Commentary: Tennessee’s FAIR Rx Act Threatens a Solution to High Drug Costs

Trump RX

In February, the Trump administration launched TrumpRx.gov as a cornerstone initiative to lower prescription drug prices for American families. The platform offers unprecedented discounts ranging from 33% to 93% on essential medications. As President Trump said in his recent State of the Union address, “Americans who paid by far the highest prices of any nation anywhere in the world for prescription drugs will now pay the lowest price anywhere in the world” – all thanks to TrumpRx.

Unfortunately, Tennessee lawmakers are unwittingly sabotaging one of the most significant healthcare solutions from the Republican Party for decades. Senate Bill 2040 and House Bill 1959, misleadingly named the “Freedom, Access, and Integrity in Registered Pharmacy (FAIR Rx) Act,” threaten to close countless pharmacies across our state. These are the very pharmacies that enable TrumpRx to deliver drug price discounts that Tennessee families need and deserve.

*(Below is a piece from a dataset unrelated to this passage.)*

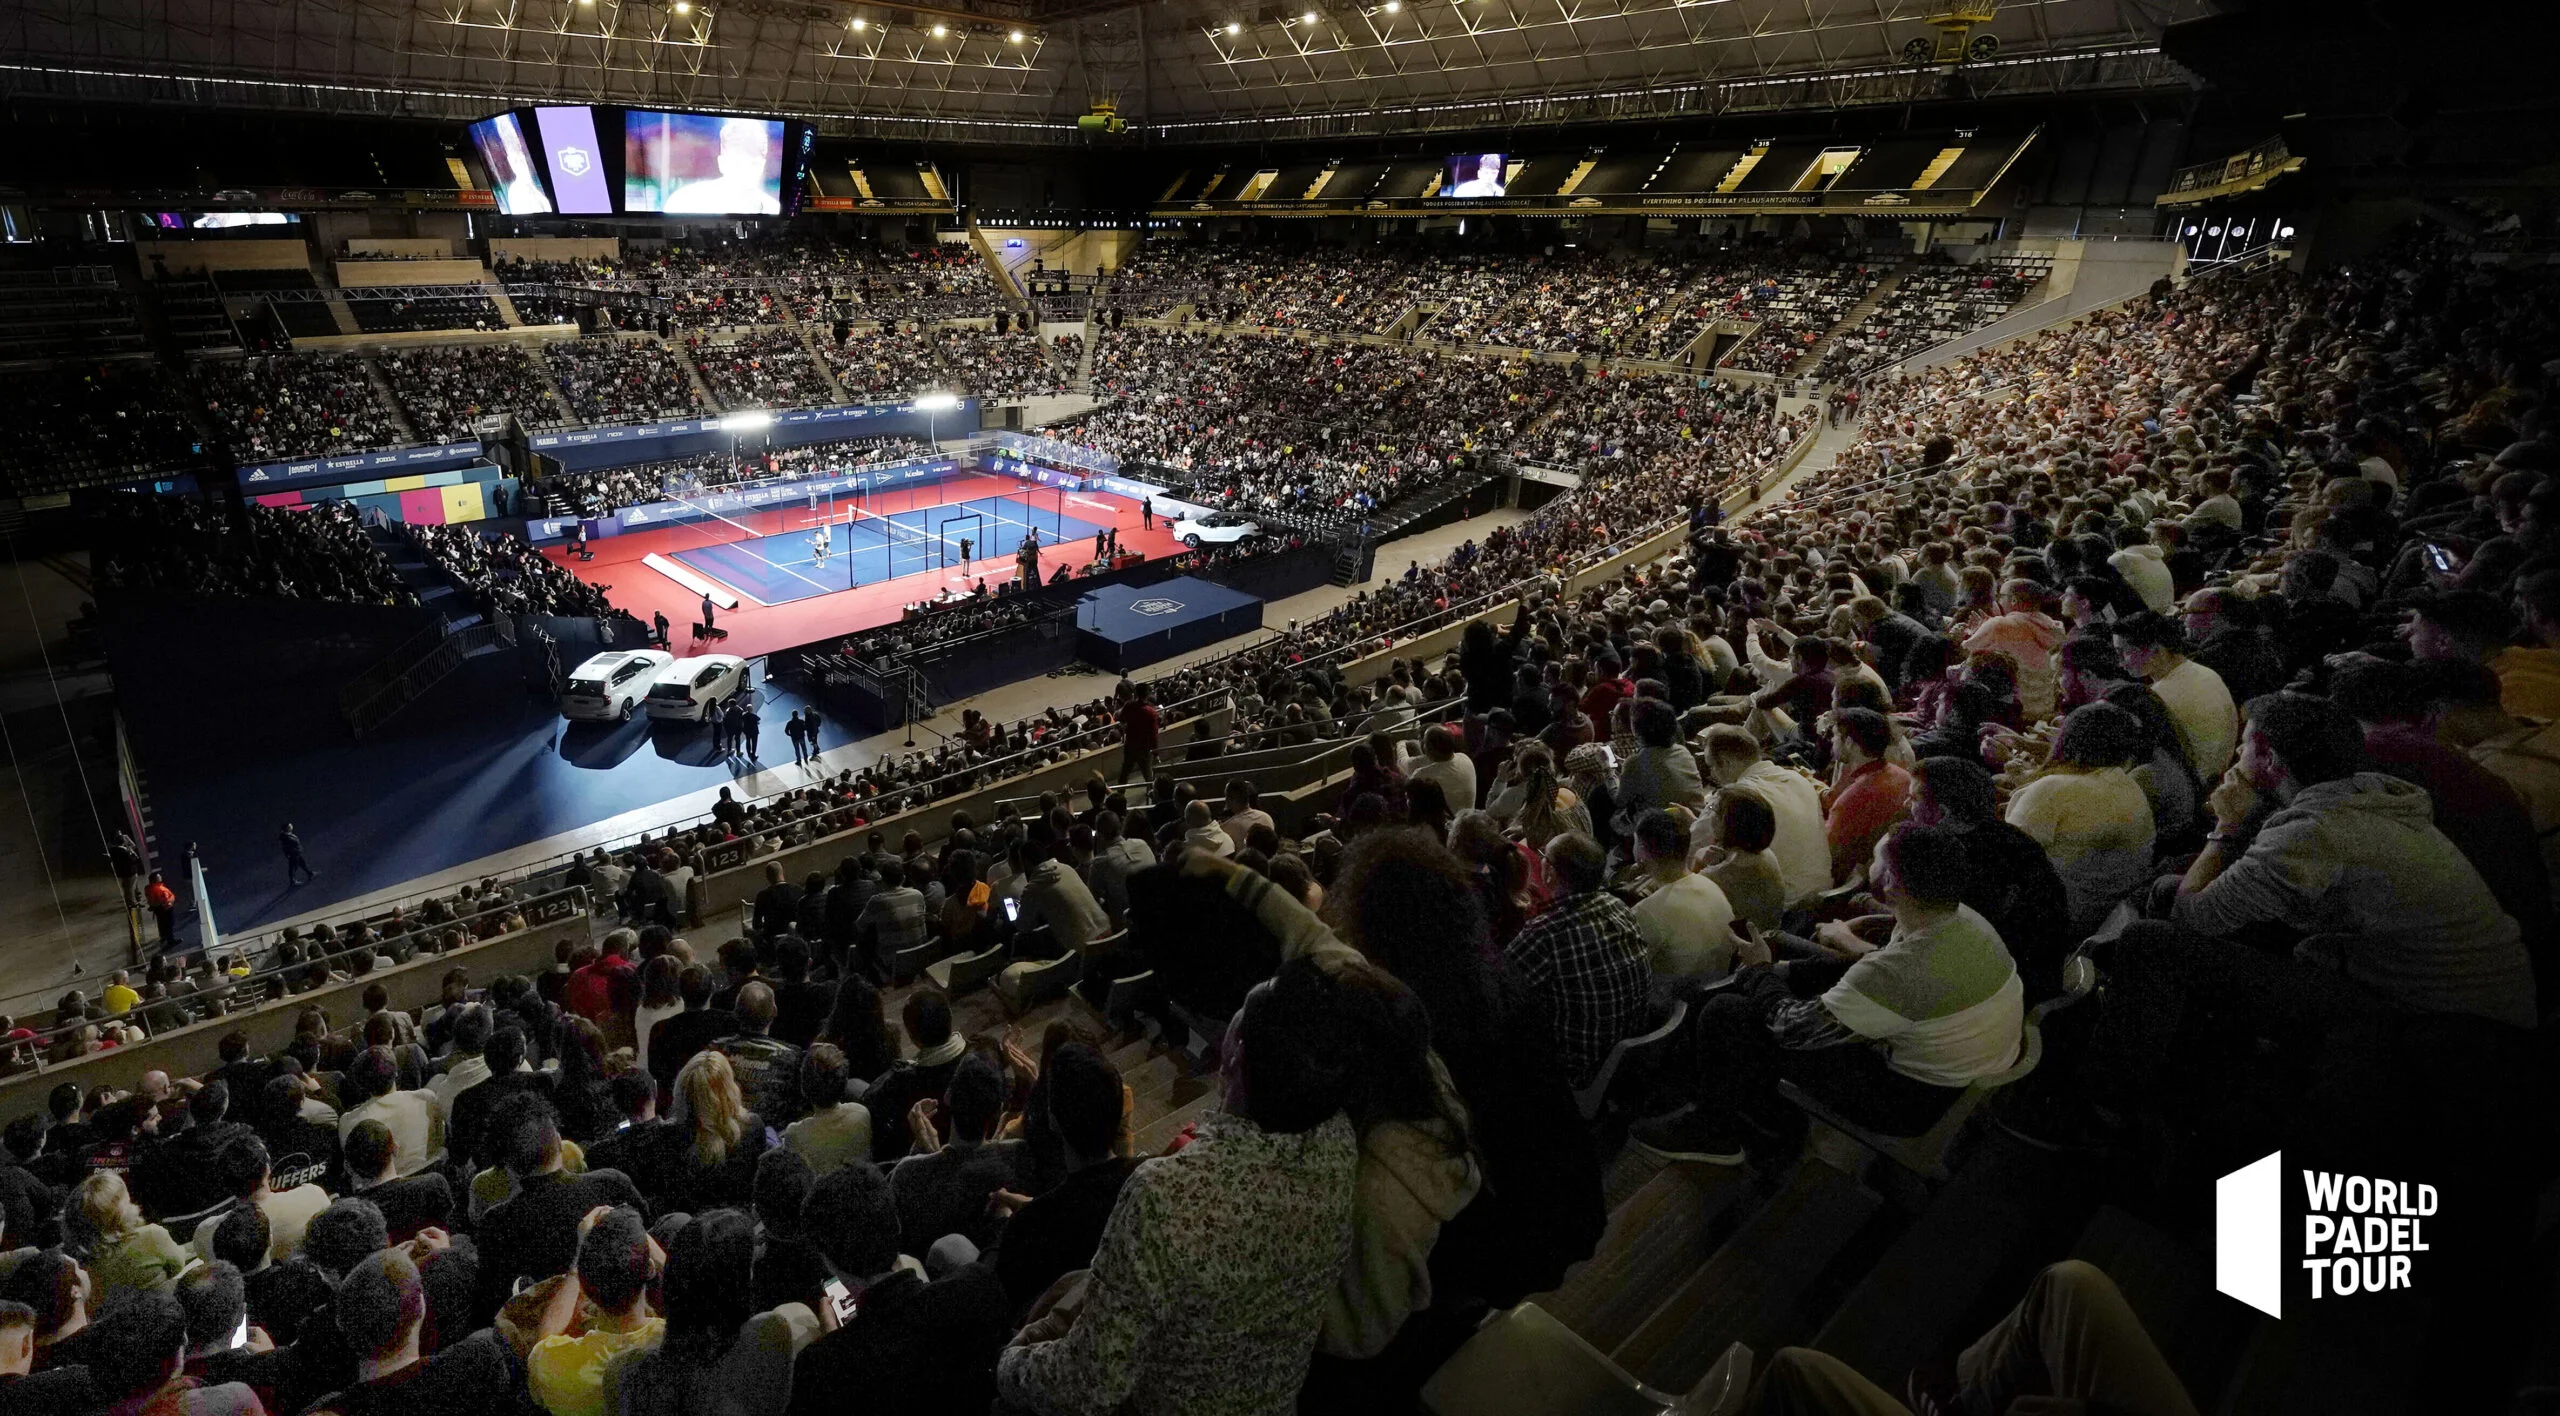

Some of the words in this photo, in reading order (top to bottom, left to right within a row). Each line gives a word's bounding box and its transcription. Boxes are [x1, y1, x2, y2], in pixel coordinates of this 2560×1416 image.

[336, 459, 364, 467] ESTRELLA
[712, 850, 738, 867] 123
[538, 899, 570, 919] 123
[271, 1161, 328, 1190] UFFERS

Here’s a critical fact that Tennessee legislators seem to not know: TrumpRx doesn’t sell drugs directly. It provides discount cards that patients present at retail pharmacies. Without accessible pharmacies that accept these cards, the entire program collapses. 

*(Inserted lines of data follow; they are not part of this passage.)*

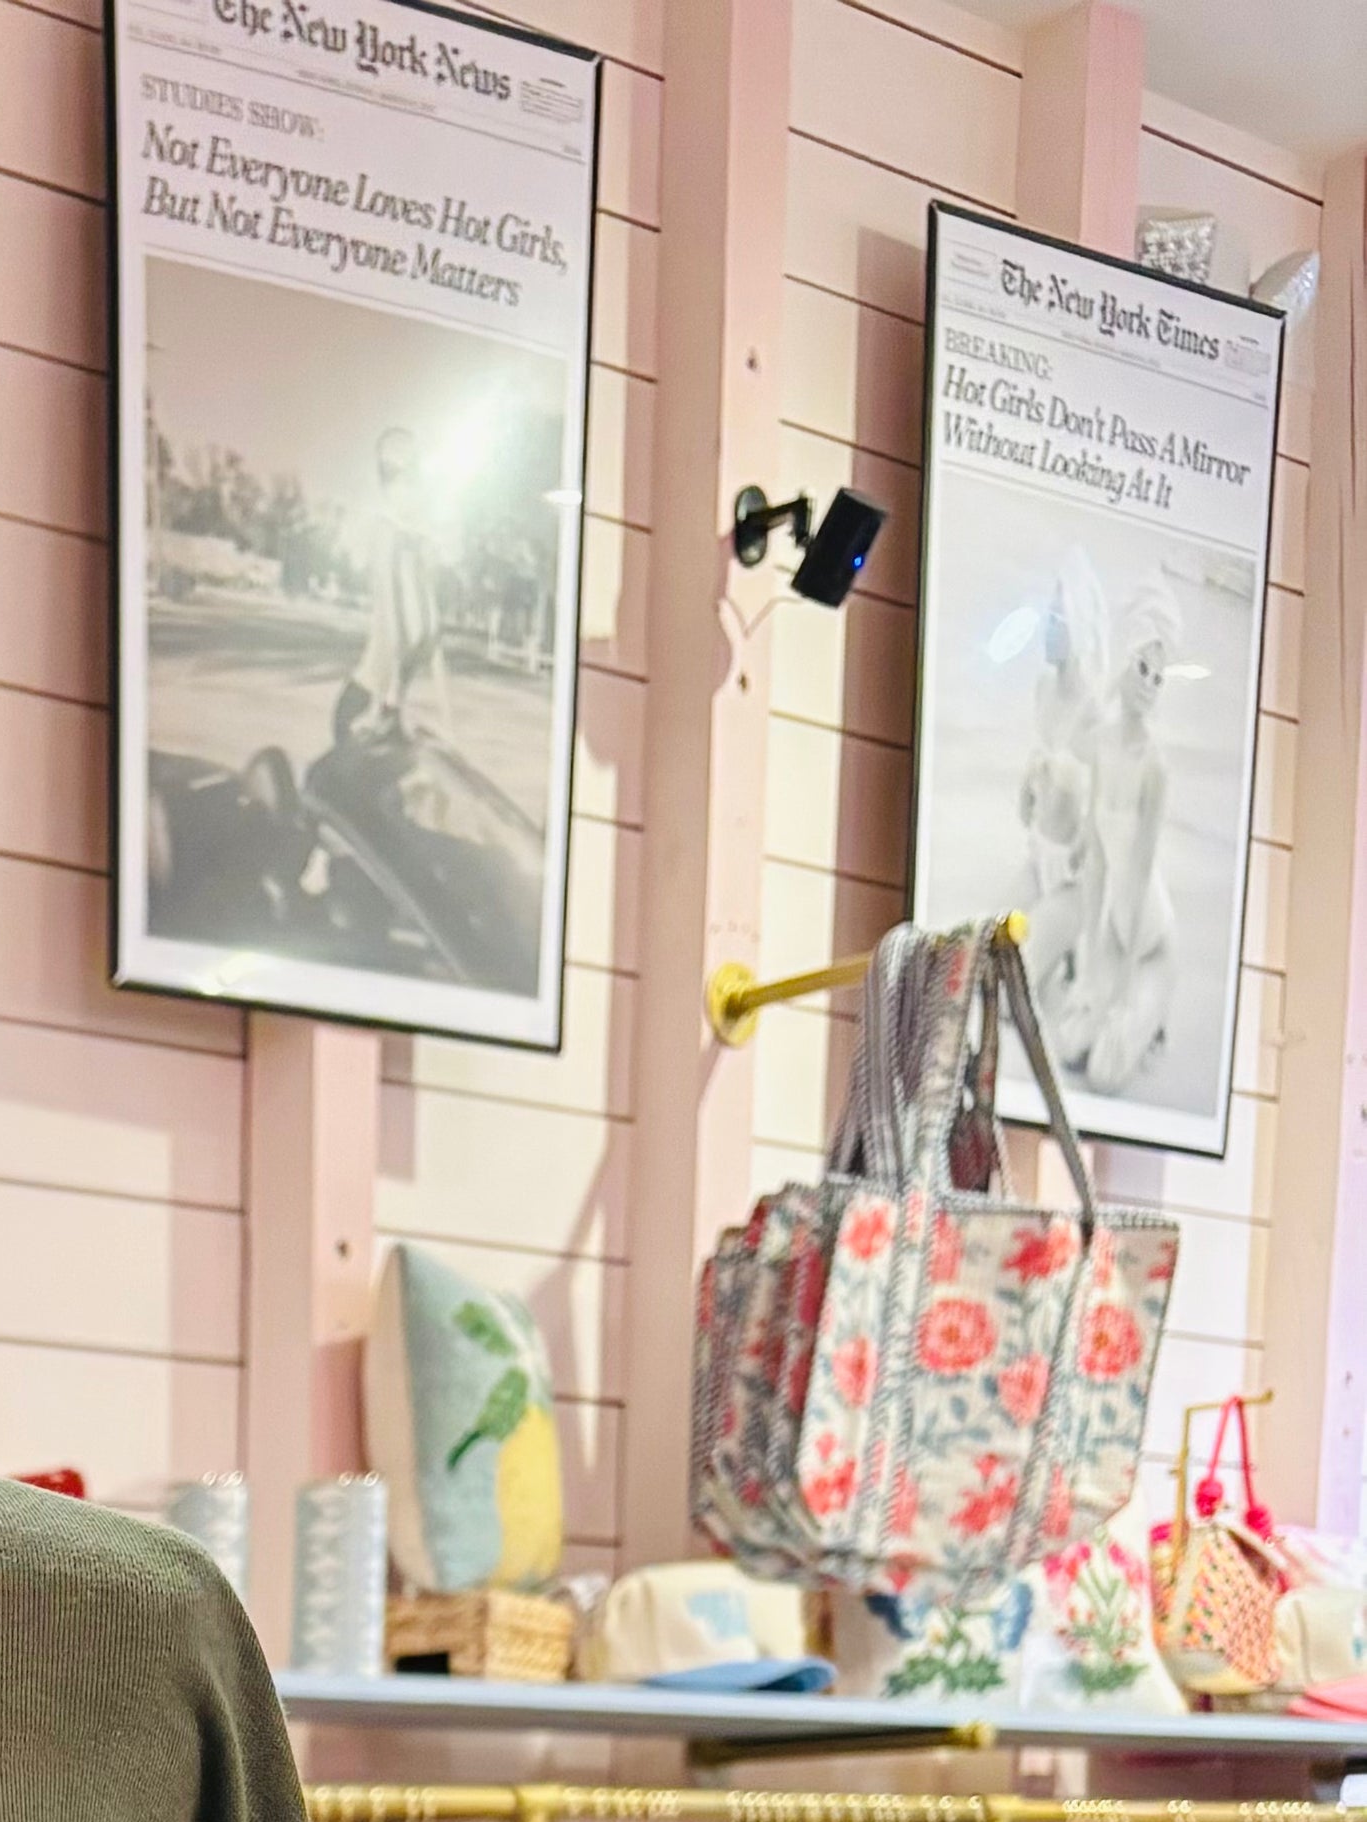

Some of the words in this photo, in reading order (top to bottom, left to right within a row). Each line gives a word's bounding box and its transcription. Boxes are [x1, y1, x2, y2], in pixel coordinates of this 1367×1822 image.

[140, 73, 244, 121] STUDIES
[213, 0, 271, 36] The
[281, 0, 347, 52] New
[356, 19, 427, 76] York
[435, 42, 511, 100] News
[142, 175, 200, 225] But
[205, 190, 263, 240] Not
[267, 206, 407, 276] Everyone
[411, 242, 522, 307] Matters
[143, 120, 200, 170] Not
[205, 135, 350, 203] Everyone
[354, 172, 435, 230] Loves
[438, 196, 491, 245] Hot
[496, 212, 567, 276] Girls,
[1001, 259, 1043, 306] The
[1047, 275, 1094, 319] New
[1099, 290, 1151, 338] York
[1157, 308, 1220, 360] Times
[943, 364, 986, 407] Hot
[990, 378, 1045, 424] Girls
[1048, 395, 1105, 442] Don't
[1109, 414, 1158, 459] Pass
[1159, 432, 1176, 465] A
[1178, 435, 1252, 486] Mirror
[944, 411, 1036, 468] Without
[1039, 438, 1126, 503] Looking
[1126, 467, 1153, 502] At
[1155, 473, 1173, 509] It

For example, CVS announced that approximately 9,000 of its community pharmacies nationwide accept TrumpRx discount cards, making it the backbone of this historic program. Other major chains like Kroger and Costco are also participants in TrumpRx, as well as likely victims of pharmacy closures inflicted by the FAIR Rx Act.

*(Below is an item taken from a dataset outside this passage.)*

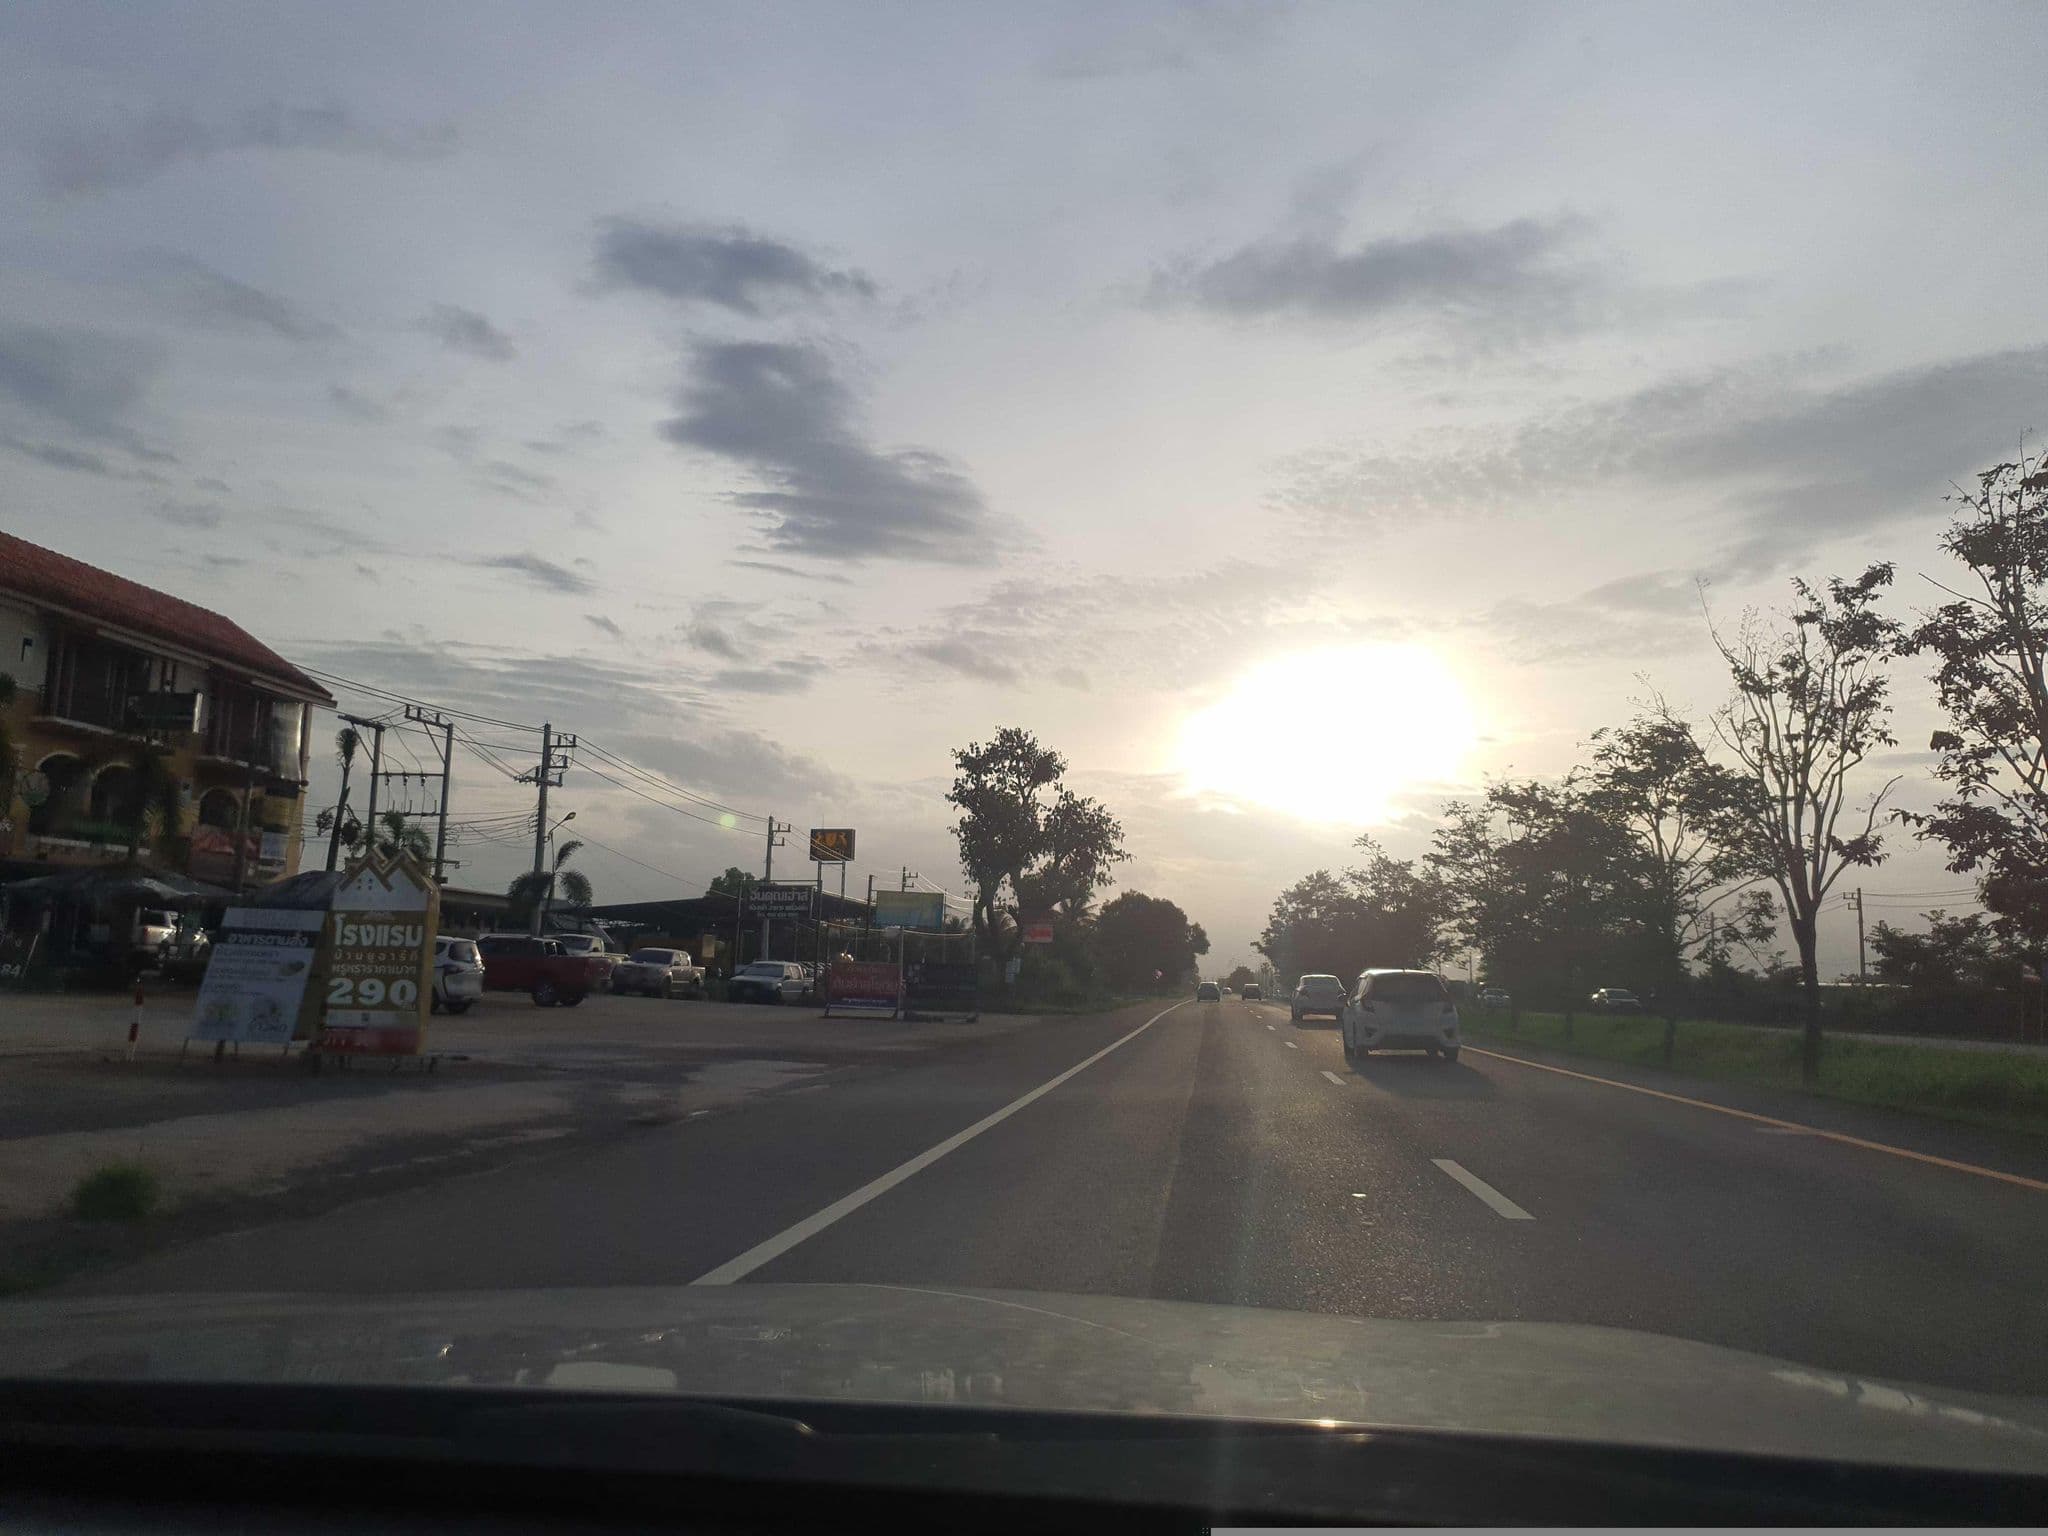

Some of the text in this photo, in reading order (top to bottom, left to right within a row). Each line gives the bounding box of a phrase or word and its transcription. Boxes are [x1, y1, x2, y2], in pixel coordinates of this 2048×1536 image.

[334, 913, 425, 947] โรงแรม
[326, 977, 418, 1007] 290

This law would prohibit pharmacy benefit managers from owning pharmacies in Tennessee, forcing companies to either change their entire business model or forcibly sell of hundreds of pharmacy locations. CVS, for instance, has made clear that this bill will close all of their Tennessee pharmacies. This means Tennessee would lose pharmacies dispensing an estimated 15% to 25% of all prescriptions filled statewide.

Proponents claim independent pharmacies will simply absorb these patients. This is wishful thinking divorced from economic reality. Chain pharmacies fill an average of 138,000 prescriptions annually compared to 48,000 for independent pharmacies – nearly three times the volume. When Rite Aid faced bankruptcy in Pennsylvania, independent pharmacy owners told reporters they weren’t prepared to take on additional patients and simply wouldn’t accept them.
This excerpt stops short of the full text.